TASK DETAILS
The records that follow are to be repeated exactly, with the pictures removed.

Phrase grounding data:
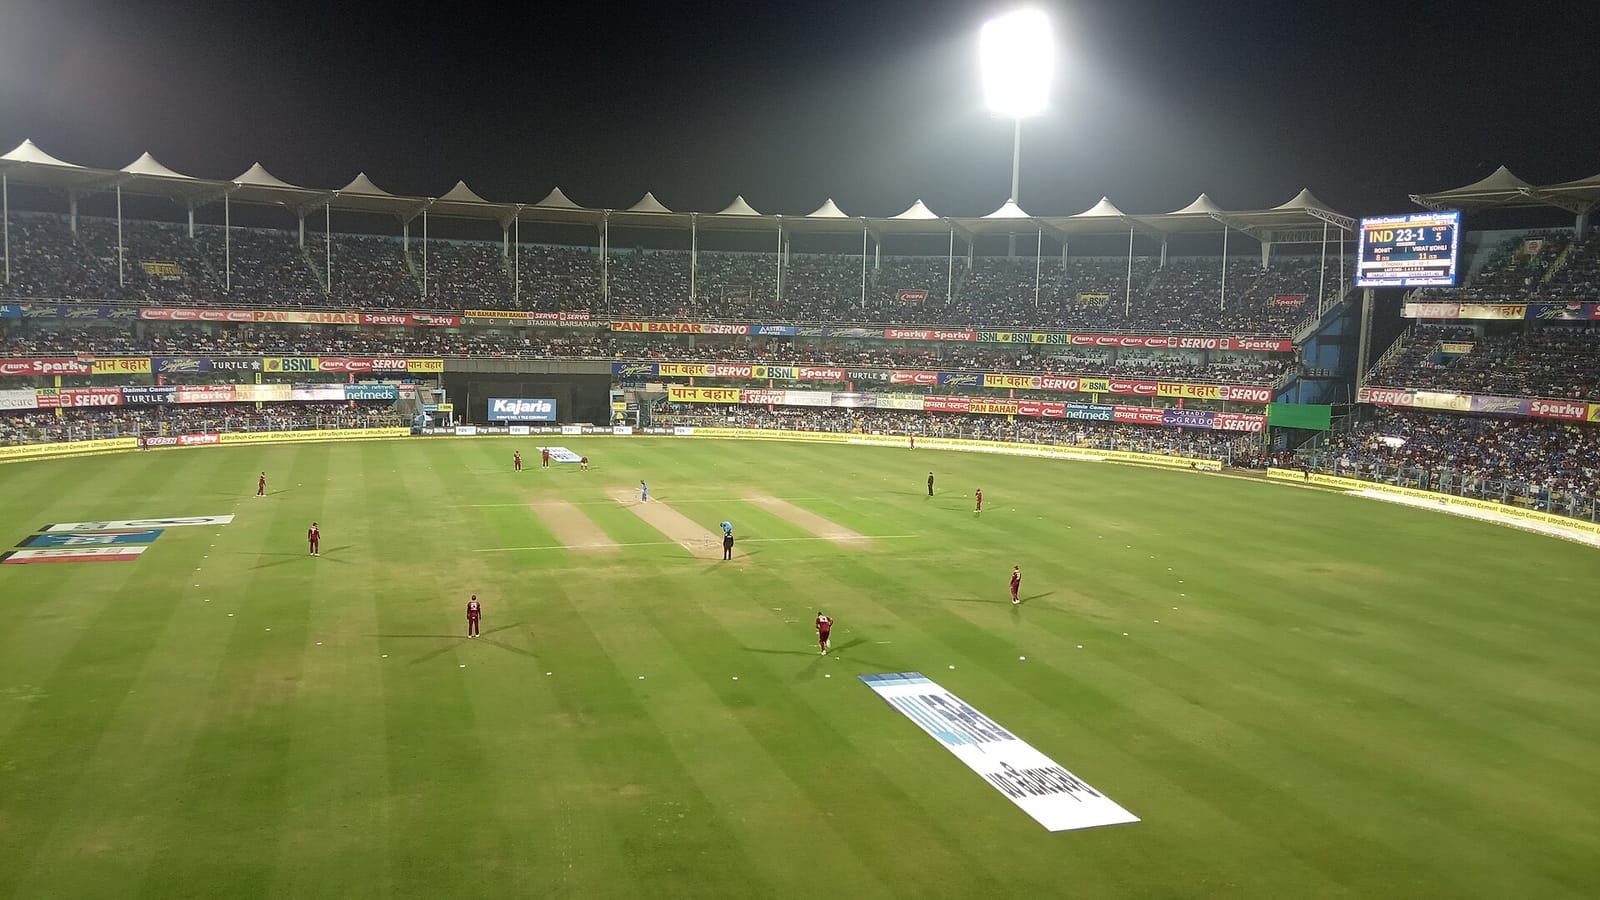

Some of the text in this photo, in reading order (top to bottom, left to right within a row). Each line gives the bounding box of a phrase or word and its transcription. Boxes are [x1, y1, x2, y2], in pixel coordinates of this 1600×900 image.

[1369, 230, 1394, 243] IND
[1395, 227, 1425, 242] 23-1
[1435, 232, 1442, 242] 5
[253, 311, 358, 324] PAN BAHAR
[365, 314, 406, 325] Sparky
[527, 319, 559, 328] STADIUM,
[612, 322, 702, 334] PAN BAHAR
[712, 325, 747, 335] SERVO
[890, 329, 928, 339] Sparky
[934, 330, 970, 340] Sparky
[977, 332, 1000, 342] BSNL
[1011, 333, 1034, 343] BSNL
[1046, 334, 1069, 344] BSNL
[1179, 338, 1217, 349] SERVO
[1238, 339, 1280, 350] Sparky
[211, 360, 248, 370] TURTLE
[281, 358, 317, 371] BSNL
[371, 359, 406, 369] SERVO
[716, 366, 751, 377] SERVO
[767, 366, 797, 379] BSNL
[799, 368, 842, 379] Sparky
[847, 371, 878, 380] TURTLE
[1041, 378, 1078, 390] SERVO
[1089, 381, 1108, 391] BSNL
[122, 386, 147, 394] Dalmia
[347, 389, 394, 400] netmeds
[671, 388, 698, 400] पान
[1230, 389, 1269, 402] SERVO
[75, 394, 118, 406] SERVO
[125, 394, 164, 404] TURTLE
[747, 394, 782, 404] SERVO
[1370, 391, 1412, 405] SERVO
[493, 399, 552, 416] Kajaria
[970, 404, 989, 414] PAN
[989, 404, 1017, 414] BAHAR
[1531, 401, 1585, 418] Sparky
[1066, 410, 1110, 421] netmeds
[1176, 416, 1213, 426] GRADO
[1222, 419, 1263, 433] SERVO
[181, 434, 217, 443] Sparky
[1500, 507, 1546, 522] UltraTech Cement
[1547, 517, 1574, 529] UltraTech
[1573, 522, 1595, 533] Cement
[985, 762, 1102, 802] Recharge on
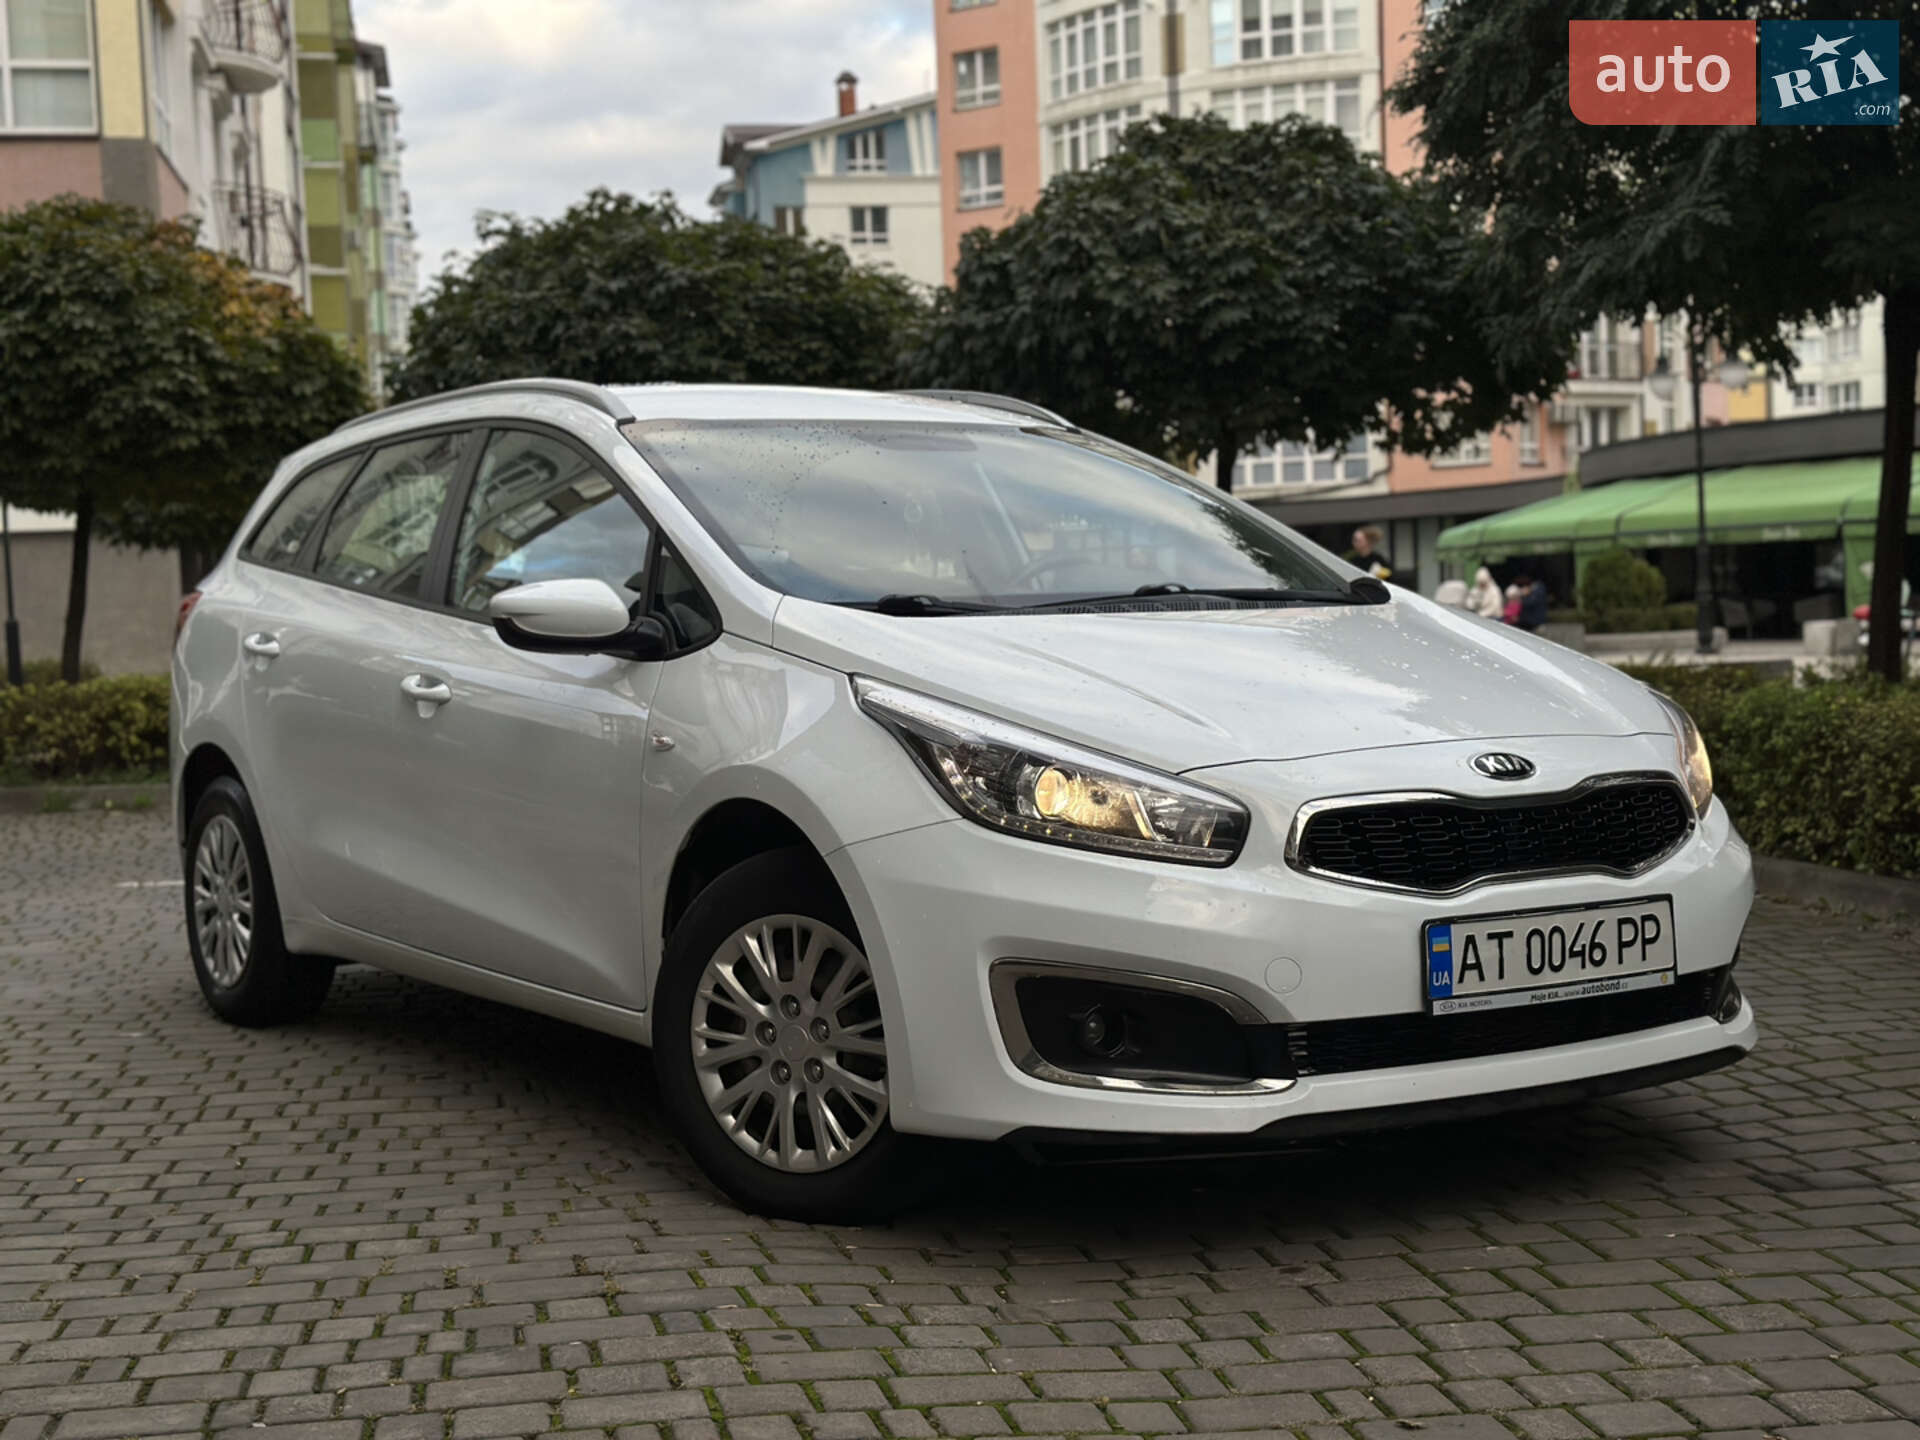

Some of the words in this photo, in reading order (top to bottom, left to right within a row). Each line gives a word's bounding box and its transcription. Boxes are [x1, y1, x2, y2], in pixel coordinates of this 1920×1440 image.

FINAL ANSWER
Some of the text in this photo, in reading order (top to bottom, left to right within a row). Each line gives the bounding box of a phrase or word and its transcription. Boxes are [x1, y1, x2, y2], in pixel coordinates of this 1600×900 image.

[1369, 230, 1394, 243] IND
[1395, 227, 1425, 242] 23-1
[1435, 232, 1442, 242] 5
[253, 311, 358, 324] PAN BAHAR
[365, 314, 406, 325] Sparky
[527, 319, 559, 328] STADIUM,
[612, 322, 702, 334] PAN BAHAR
[712, 325, 747, 335] SERVO
[890, 329, 928, 339] Sparky
[934, 330, 970, 340] Sparky
[977, 332, 1000, 342] BSNL
[1011, 333, 1034, 343] BSNL
[1046, 334, 1069, 344] BSNL
[1179, 338, 1217, 349] SERVO
[1238, 339, 1280, 350] Sparky
[211, 360, 248, 370] TURTLE
[281, 358, 317, 371] BSNL
[371, 359, 406, 369] SERVO
[716, 366, 751, 377] SERVO
[767, 366, 797, 379] BSNL
[799, 368, 842, 379] Sparky
[847, 371, 878, 380] TURTLE
[1041, 378, 1078, 390] SERVO
[1089, 381, 1108, 391] BSNL
[122, 386, 147, 394] Dalmia
[347, 389, 394, 400] netmeds
[671, 388, 698, 400] पान
[1230, 389, 1269, 402] SERVO
[75, 394, 118, 406] SERVO
[125, 394, 164, 404] TURTLE
[747, 394, 782, 404] SERVO
[1370, 391, 1412, 405] SERVO
[493, 399, 552, 416] Kajaria
[970, 404, 989, 414] PAN
[989, 404, 1017, 414] BAHAR
[1531, 401, 1585, 418] Sparky
[1066, 410, 1110, 421] netmeds
[1176, 416, 1213, 426] GRADO
[1222, 419, 1263, 433] SERVO
[181, 434, 217, 443] Sparky
[1500, 507, 1546, 522] UltraTech Cement
[1547, 517, 1574, 529] UltraTech
[1573, 522, 1595, 533] Cement
[985, 762, 1102, 802] Recharge on

Some of the words in this photo, in reading order (top to bottom, left to right within a row). Each line gives a word's bounding box and its transcription. Boxes are [x1, y1, x2, y2], in pixel coordinates of this 1920×1440 image.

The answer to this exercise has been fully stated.